(Phrase grounding data)
####

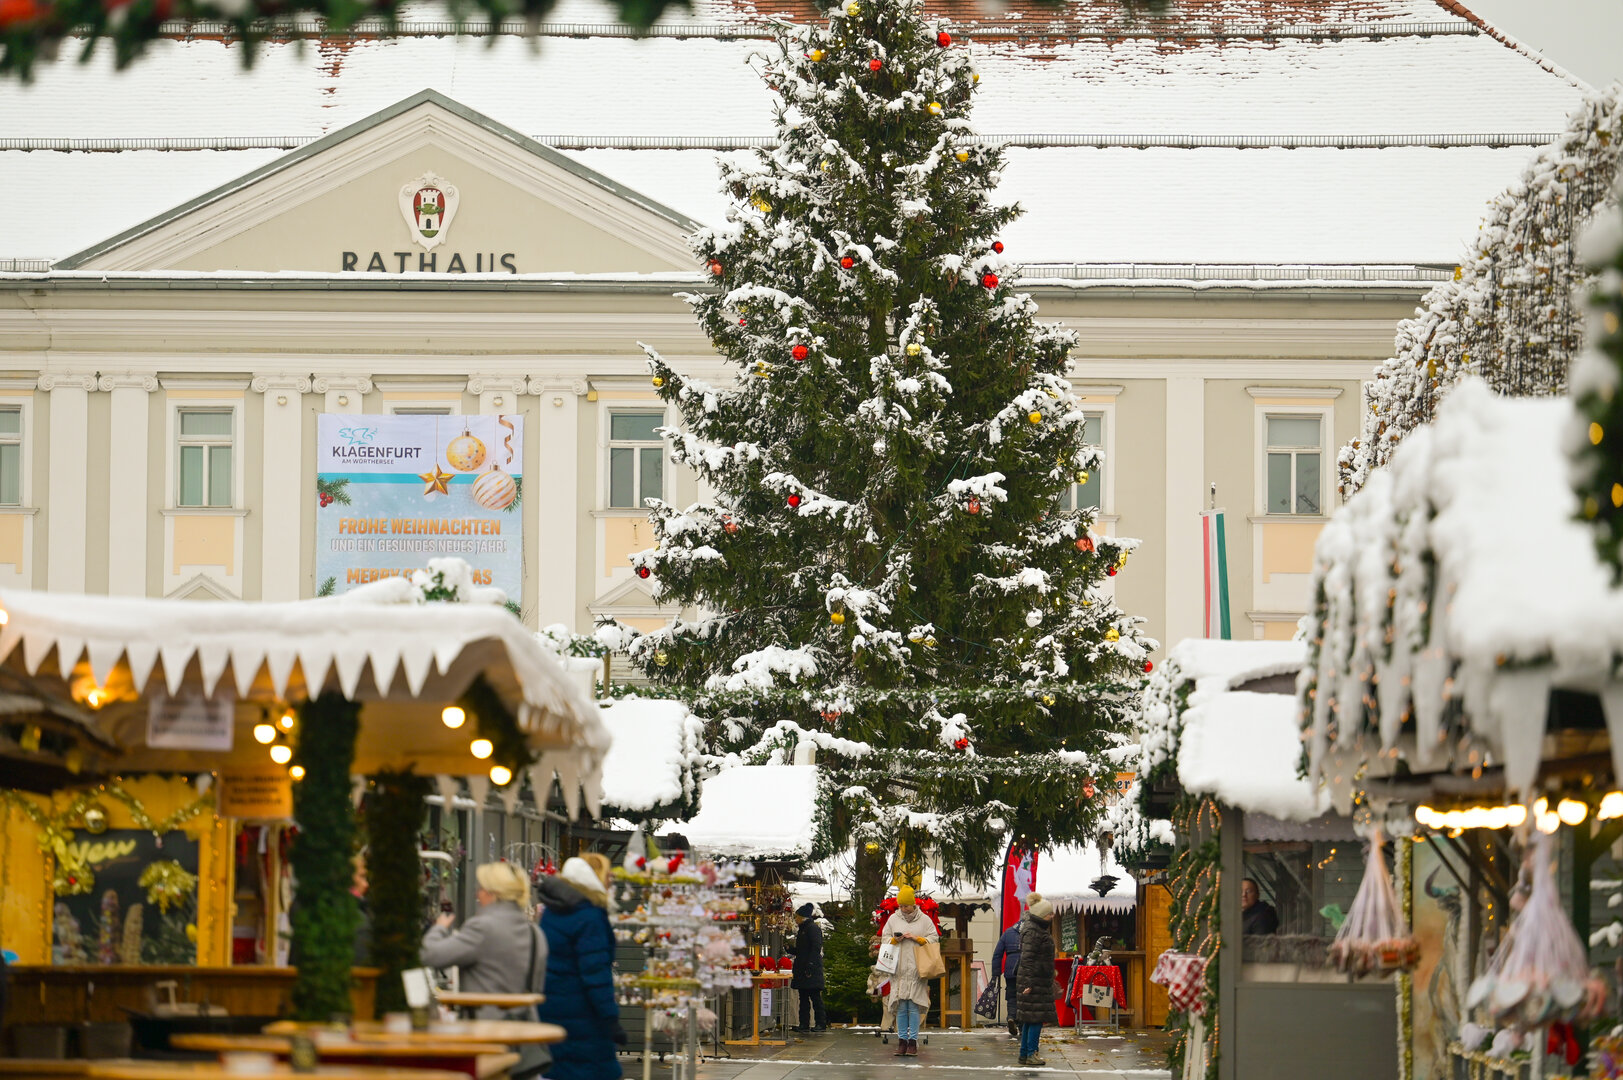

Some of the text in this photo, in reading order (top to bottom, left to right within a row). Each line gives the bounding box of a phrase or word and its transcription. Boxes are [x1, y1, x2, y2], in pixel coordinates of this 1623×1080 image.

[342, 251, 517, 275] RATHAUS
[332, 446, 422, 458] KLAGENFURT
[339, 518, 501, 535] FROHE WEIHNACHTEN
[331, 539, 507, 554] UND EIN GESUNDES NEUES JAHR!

####

EXERCISE:
Each of the entries above must be output exactly, with none of the pictures.

EXERCISE SOLUTION:
Some of the text in this photo, in reading order (top to bottom, left to right within a row). Each line gives the bounding box of a phrase or word and its transcription. Boxes are [x1, y1, x2, y2], in pixel coordinates of this 1623×1080 image.

[342, 251, 517, 275] RATHAUS
[332, 446, 422, 458] KLAGENFURT
[339, 518, 501, 535] FROHE WEIHNACHTEN
[331, 539, 507, 554] UND EIN GESUNDES NEUES JAHR!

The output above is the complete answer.